## About this exercise:
Print the entire listing below word for word, excluding its pictures.

↓

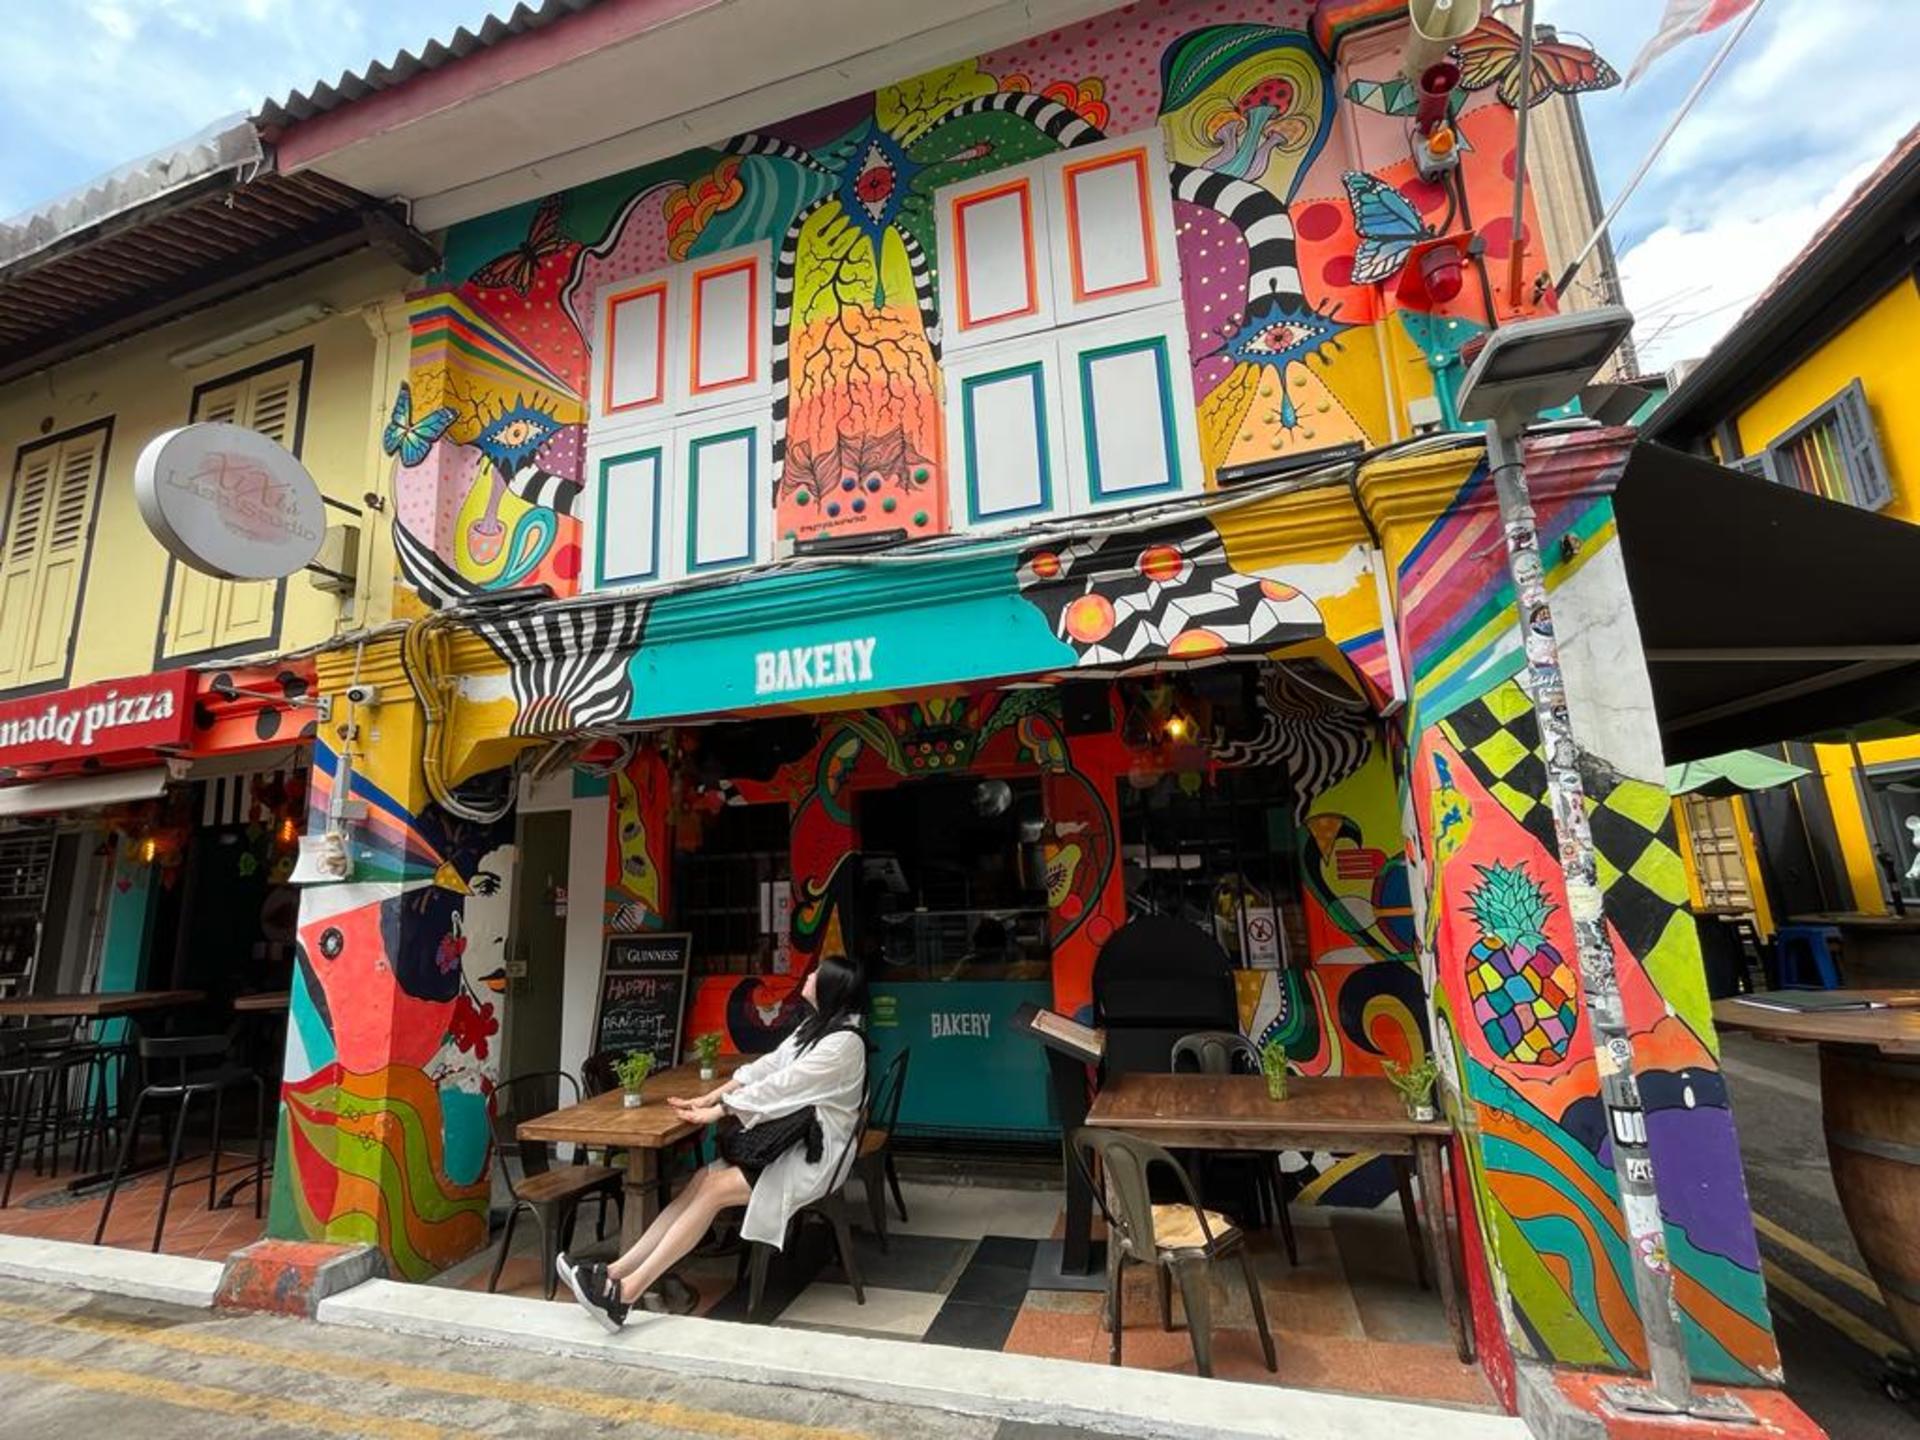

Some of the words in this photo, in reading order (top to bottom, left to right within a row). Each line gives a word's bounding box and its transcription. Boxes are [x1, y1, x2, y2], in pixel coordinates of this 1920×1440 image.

[755, 637, 876, 694] BAKERY
[81, 690, 174, 745] pizza
[627, 949, 679, 961] GUINNESS
[931, 1013, 991, 1038] BAKERY
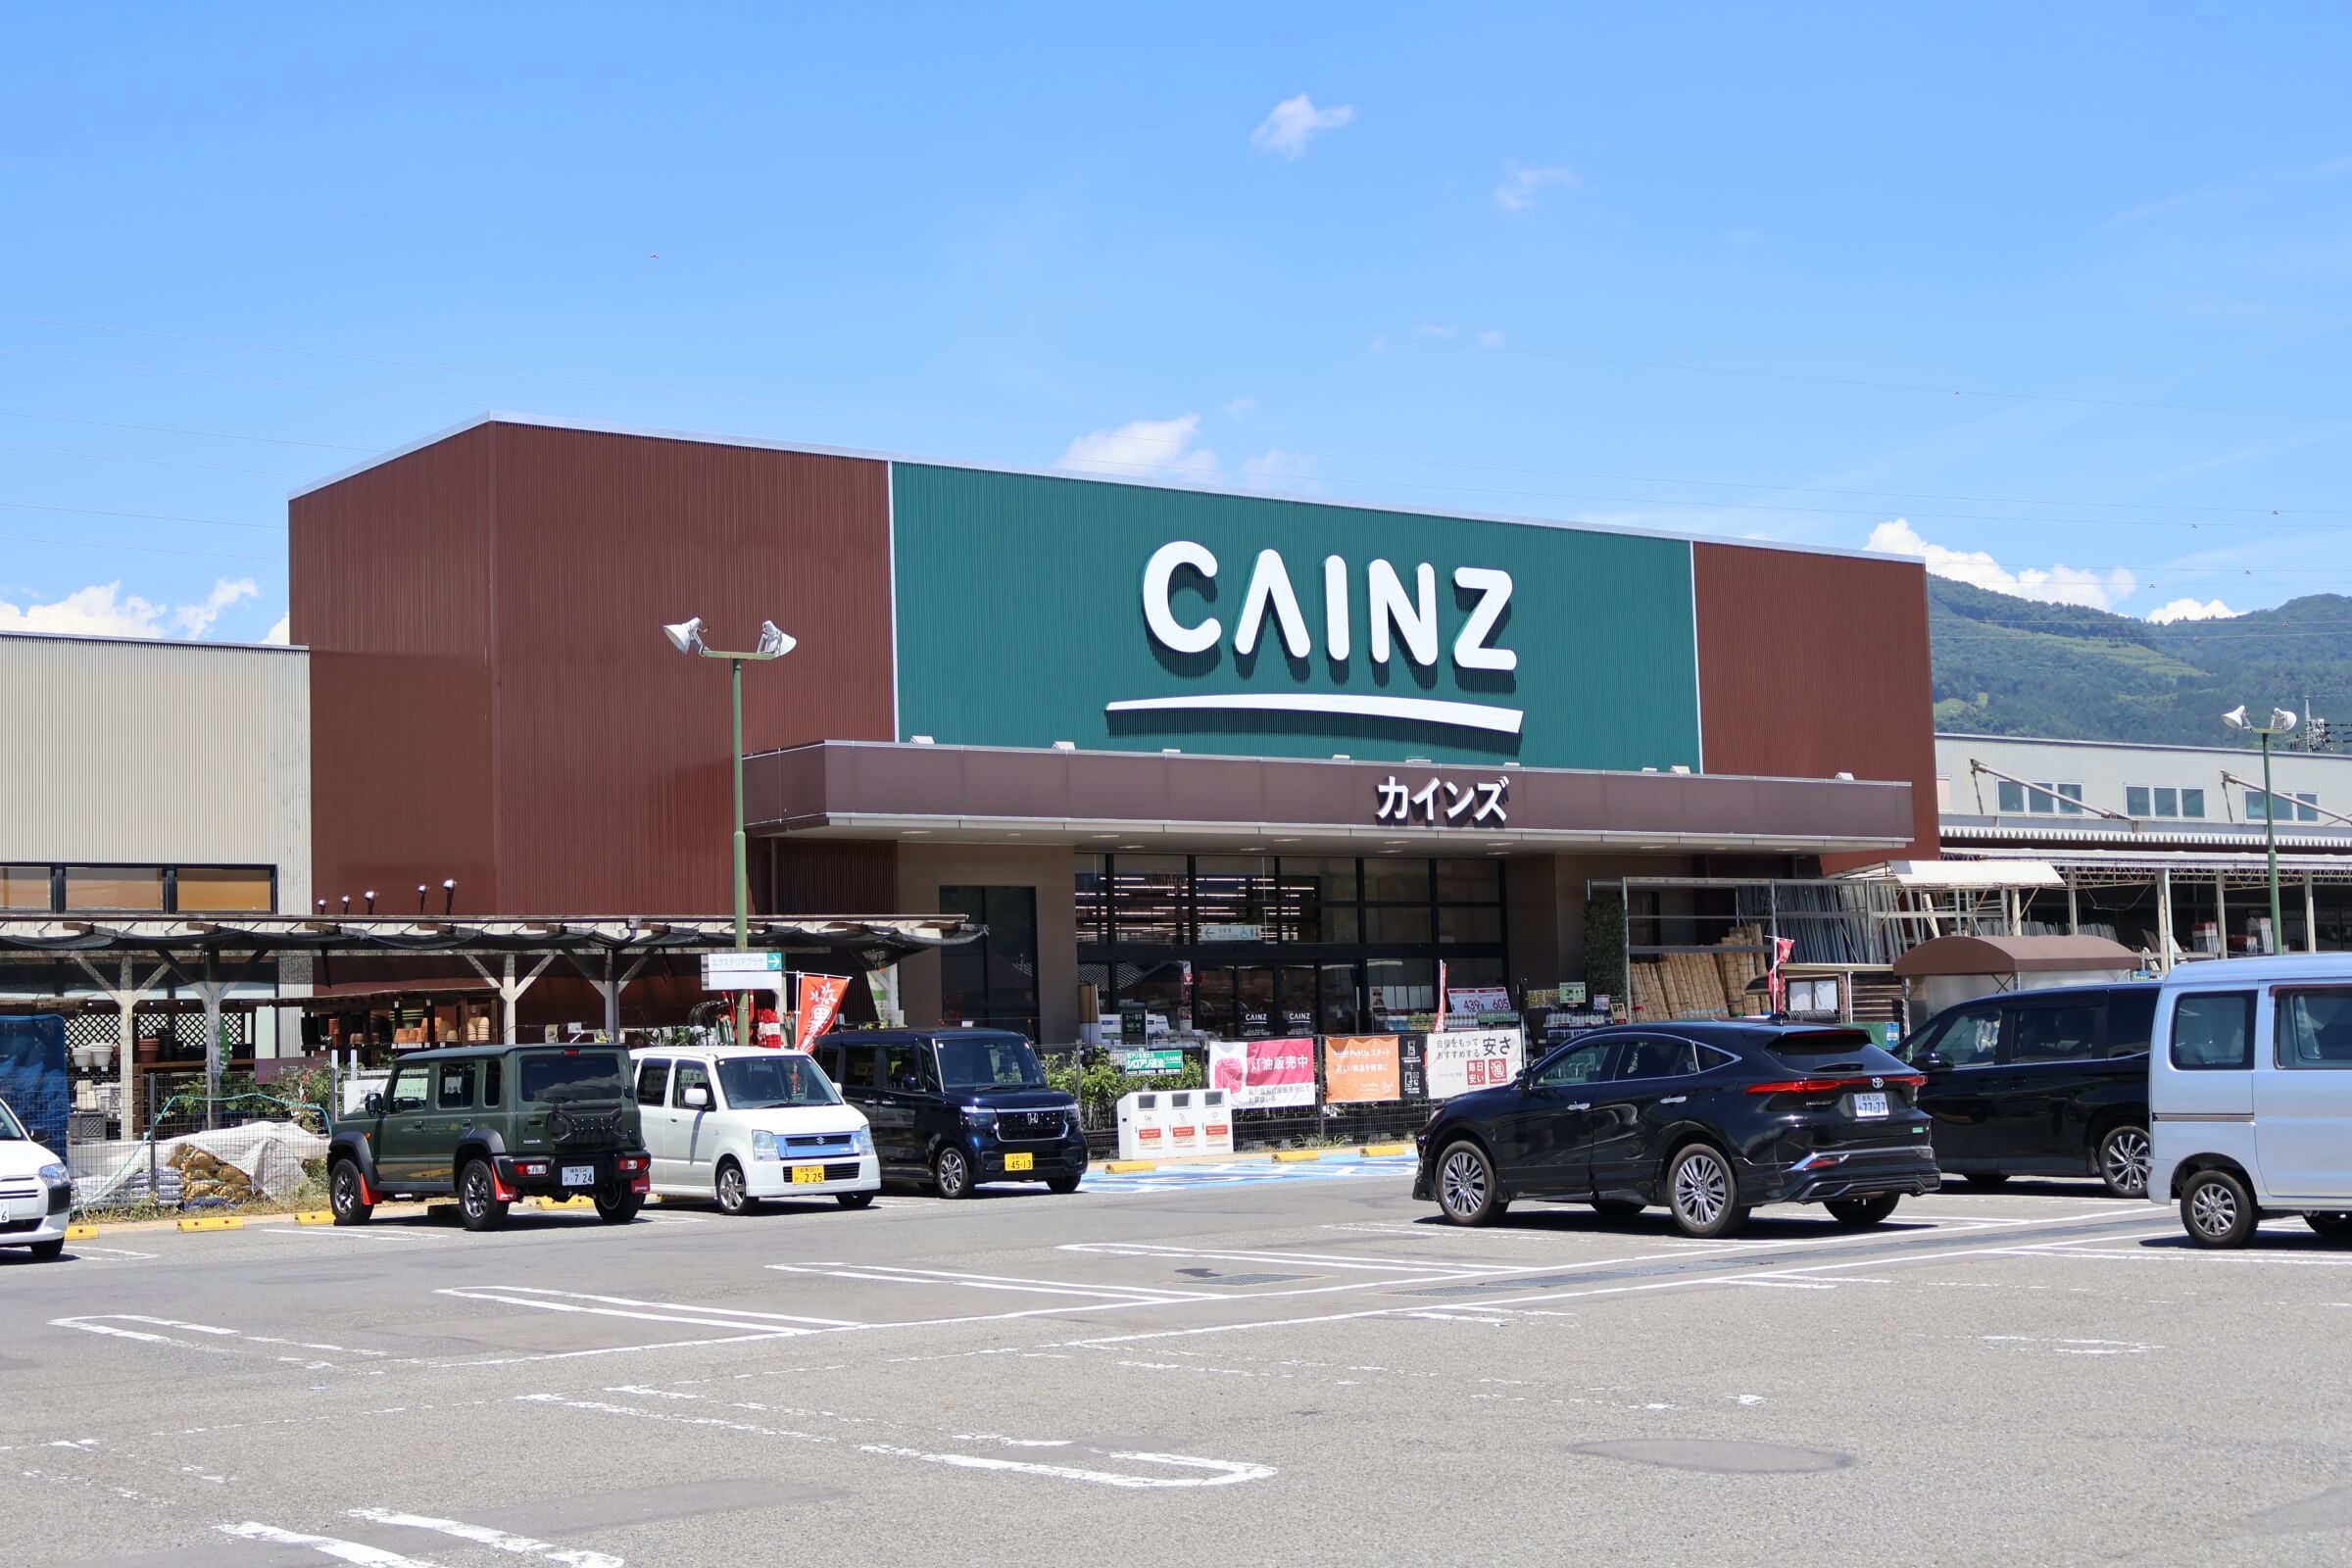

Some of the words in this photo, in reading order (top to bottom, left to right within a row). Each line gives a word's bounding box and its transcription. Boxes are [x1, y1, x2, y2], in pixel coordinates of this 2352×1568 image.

[1142, 540, 1517, 671] CAINZ
[1375, 775, 1509, 822] カインズ
[1464, 1000, 1480, 1010] 439
[1493, 998, 1509, 1009] 605
[1437, 1038, 1479, 1049] 自信をもって
[1483, 1036, 1511, 1056] 安さ
[1437, 1049, 1480, 1059] おすすめする
[1251, 1054, 1308, 1072] 灯油販売中
[1468, 1061, 1484, 1072] 毎日
[1469, 1074, 1484, 1084] 安い
[1, 1210, 7, 1221] 6

↑

## Expected answer:
Some of the words in this photo, in reading order (top to bottom, left to right within a row). Each line gives a word's bounding box and its transcription. Boxes are [x1, y1, x2, y2], in pixel coordinates of this 1920×1440 image.

[755, 637, 876, 694] BAKERY
[81, 690, 174, 745] pizza
[627, 949, 679, 961] GUINNESS
[931, 1013, 991, 1038] BAKERY

Some of the words in this photo, in reading order (top to bottom, left to right within a row). Each line gives a word's bounding box and its transcription. Boxes are [x1, y1, x2, y2], in pixel coordinates of this 2352×1568 image.

[1142, 540, 1517, 671] CAINZ
[1375, 775, 1509, 822] カインズ
[1464, 1000, 1480, 1010] 439
[1493, 998, 1509, 1009] 605
[1437, 1038, 1479, 1049] 自信をもって
[1483, 1036, 1511, 1056] 安さ
[1437, 1049, 1480, 1059] おすすめする
[1251, 1054, 1308, 1072] 灯油販売中
[1468, 1061, 1484, 1072] 毎日
[1469, 1074, 1484, 1084] 安い
[1, 1210, 7, 1221] 6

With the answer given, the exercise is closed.